*EXERCISE DETAILS*. Print the data exactly as written, line for line, and leave its pictures behind.

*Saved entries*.

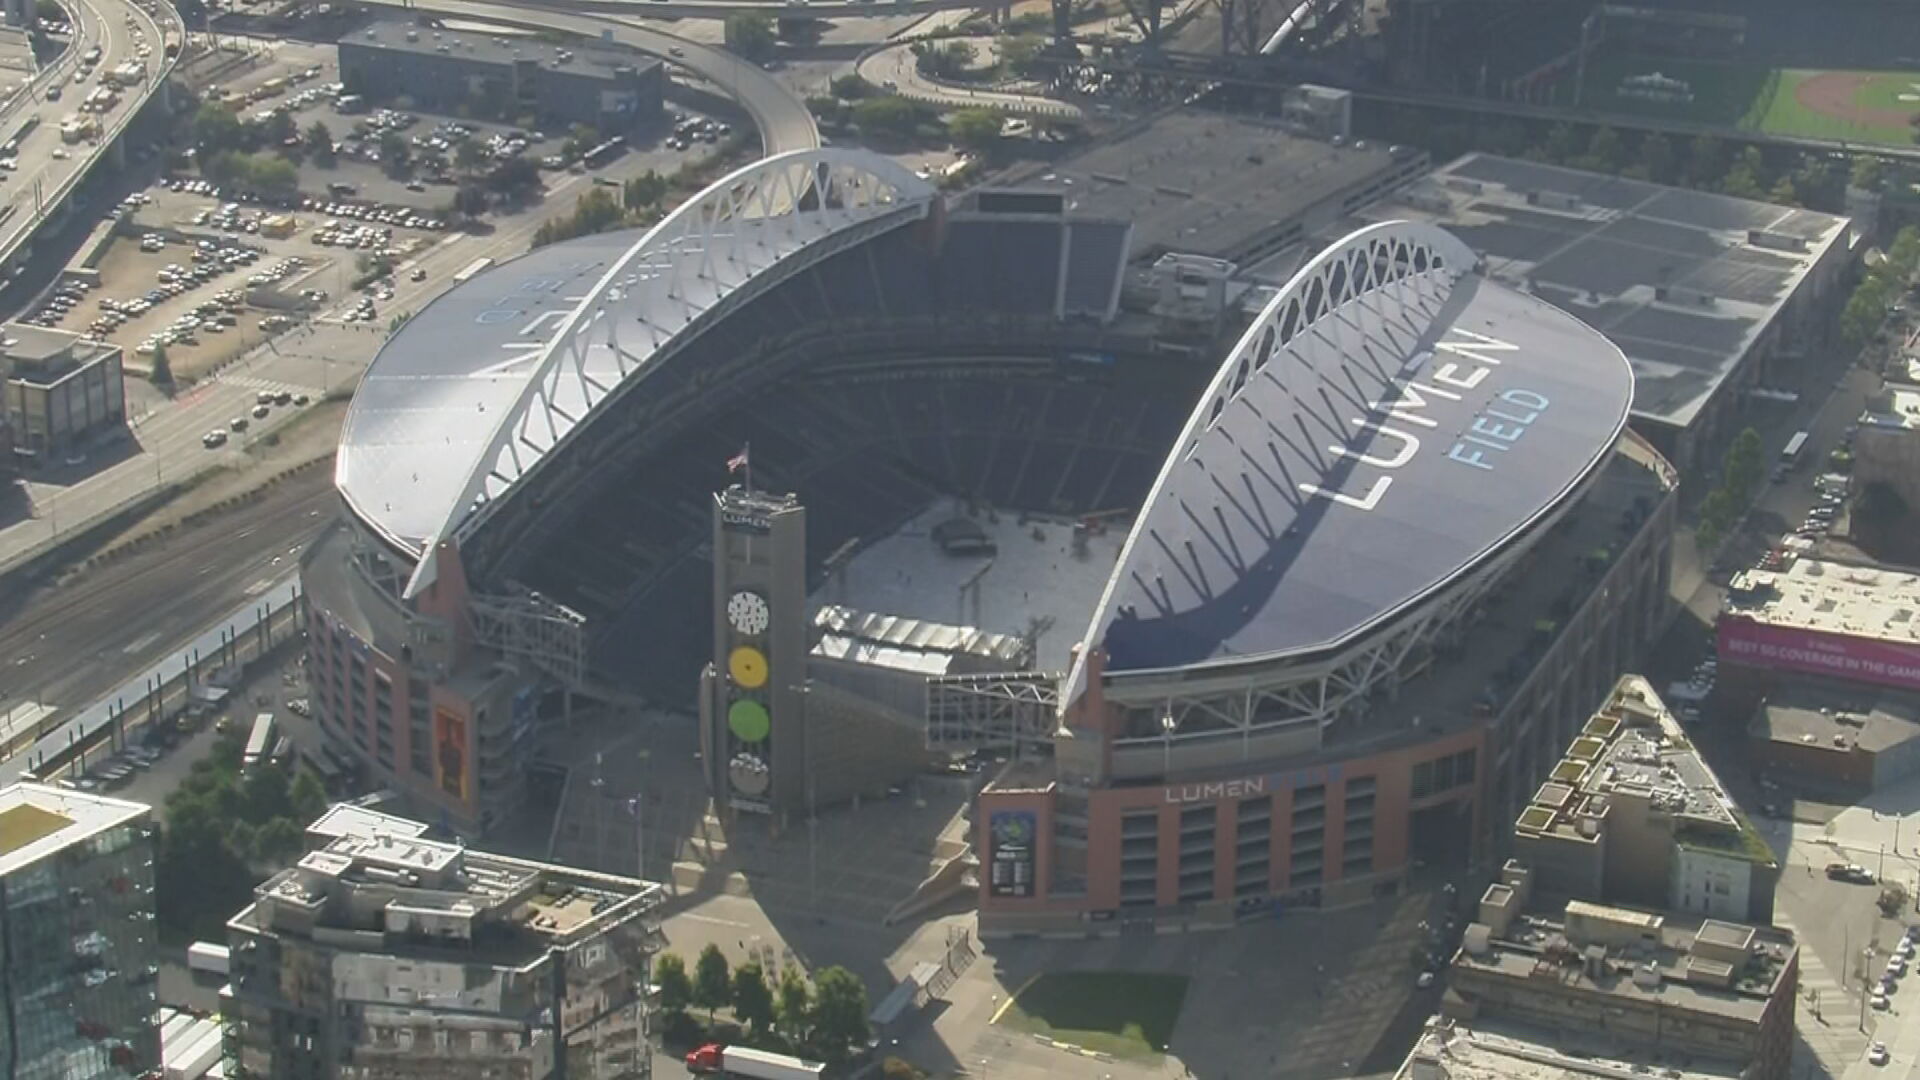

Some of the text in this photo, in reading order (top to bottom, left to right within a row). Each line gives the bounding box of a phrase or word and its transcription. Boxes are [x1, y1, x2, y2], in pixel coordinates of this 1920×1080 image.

[1299, 327, 1520, 511] LUMEN
[1449, 389, 1549, 470] FIELD
[1728, 639, 1757, 654] BEST
[1779, 646, 1844, 669] COVERAGE
[1845, 657, 1860, 670] IN
[1861, 659, 1886, 675] THE
[1165, 777, 1264, 803] LUMEN
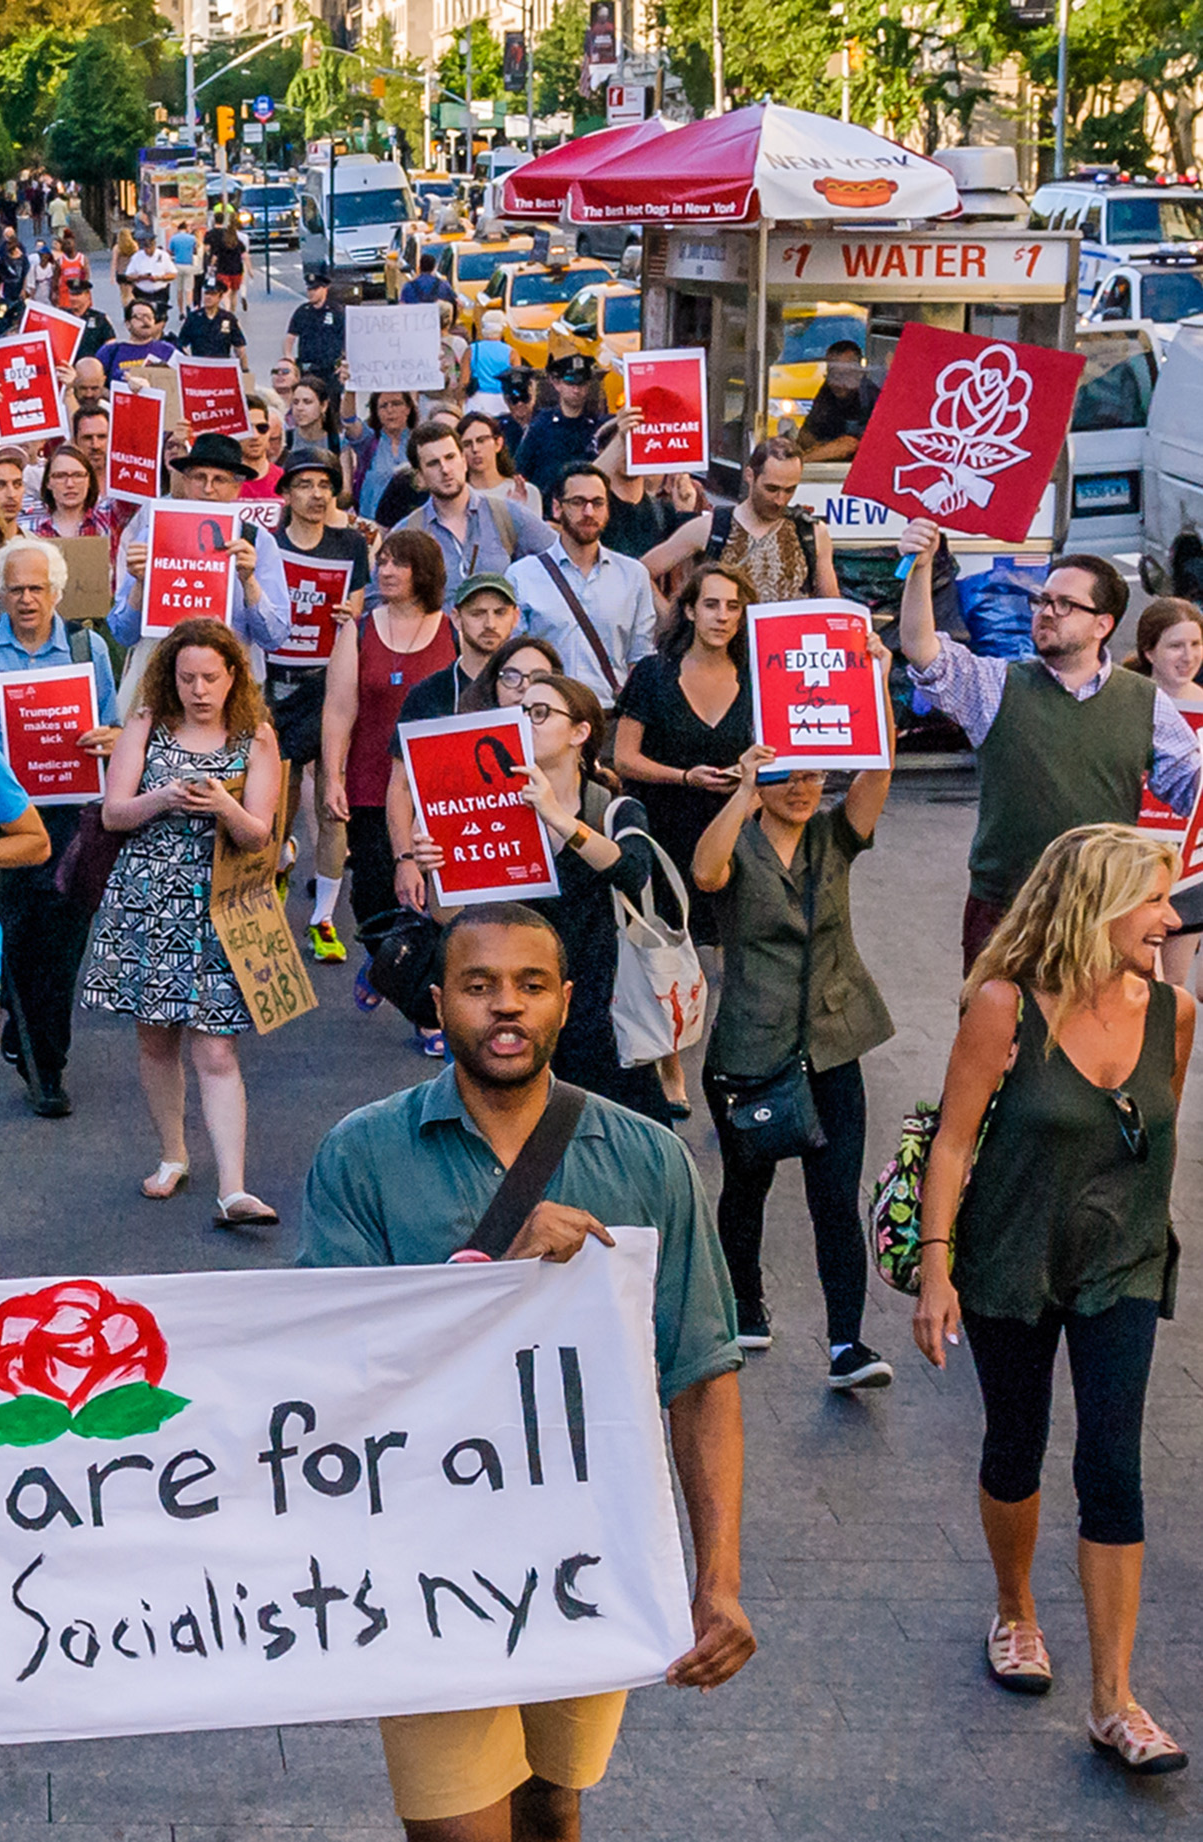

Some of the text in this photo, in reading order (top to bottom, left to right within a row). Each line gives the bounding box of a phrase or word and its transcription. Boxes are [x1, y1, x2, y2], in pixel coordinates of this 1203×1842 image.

[764, 152, 910, 171] NEW YORK
[515, 198, 534, 209] The
[583, 206, 603, 218] The
[605, 205, 625, 217] Best
[626, 205, 644, 216] Hot
[645, 204, 670, 217] Dogs
[685, 203, 710, 214] New
[712, 202, 737, 214] York
[782, 244, 813, 278] $1
[841, 244, 987, 278] WATER
[1013, 244, 1043, 278] $1
[388, 337, 402, 354] 4
[191, 408, 235, 422] DEATH
[633, 422, 700, 435] HEALTHCARE
[644, 438, 690, 454] for ALL
[110, 451, 156, 470] HEALTHCARE
[133, 470, 149, 483] ALL
[826, 498, 889, 525] NEW
[154, 557, 226, 573] HEALTHCARE
[172, 577, 205, 589] is a
[161, 593, 212, 608] RIGHT
[766, 652, 868, 669] MEDICARE
[19, 705, 80, 719] Trumpcare
[23, 720, 78, 731] makes us
[795, 718, 849, 735] ALL
[40, 733, 63, 744] sick
[27, 760, 81, 771] Medicare
[38, 772, 73, 783] for all
[461, 821, 506, 835] is a
[453, 841, 521, 862] RIGHT
[254, 962, 309, 1026] BABY
[258, 1400, 408, 1515] for
[442, 1344, 588, 1492] all
[11, 1554, 388, 1683] Socialists
[418, 1554, 604, 1658] nyc

*SOLUTION FOR THIS PROBLEM*.
Some of the text in this photo, in reading order (top to bottom, left to right within a row). Each line gives the bounding box of a phrase or word and its transcription. Boxes are [x1, y1, x2, y2], in pixel coordinates of this 1920×1080 image.

[1299, 327, 1520, 511] LUMEN
[1449, 389, 1549, 470] FIELD
[1728, 639, 1757, 654] BEST
[1779, 646, 1844, 669] COVERAGE
[1845, 657, 1860, 670] IN
[1861, 659, 1886, 675] THE
[1165, 777, 1264, 803] LUMEN

Some of the text in this photo, in reading order (top to bottom, left to right within a row). Each line gives the bounding box of a phrase or word and its transcription. Boxes are [x1, y1, x2, y2], in pixel coordinates of this 1203×1842 image.

[764, 152, 910, 171] NEW YORK
[515, 198, 534, 209] The
[583, 206, 603, 218] The
[605, 205, 625, 217] Best
[626, 205, 644, 216] Hot
[645, 204, 670, 217] Dogs
[685, 203, 710, 214] New
[712, 202, 737, 214] York
[782, 244, 813, 278] $1
[841, 244, 987, 278] WATER
[1013, 244, 1043, 278] $1
[388, 337, 402, 354] 4
[191, 408, 235, 422] DEATH
[633, 422, 700, 435] HEALTHCARE
[644, 438, 690, 454] for ALL
[110, 451, 156, 470] HEALTHCARE
[133, 470, 149, 483] ALL
[826, 498, 889, 525] NEW
[154, 557, 226, 573] HEALTHCARE
[172, 577, 205, 589] is a
[161, 593, 212, 608] RIGHT
[766, 652, 868, 669] MEDICARE
[19, 705, 80, 719] Trumpcare
[23, 720, 78, 731] makes us
[795, 718, 849, 735] ALL
[40, 733, 63, 744] sick
[27, 760, 81, 771] Medicare
[38, 772, 73, 783] for all
[461, 821, 506, 835] is a
[453, 841, 521, 862] RIGHT
[254, 962, 309, 1026] BABY
[258, 1400, 408, 1515] for
[442, 1344, 588, 1492] all
[11, 1554, 388, 1683] Socialists
[418, 1554, 604, 1658] nyc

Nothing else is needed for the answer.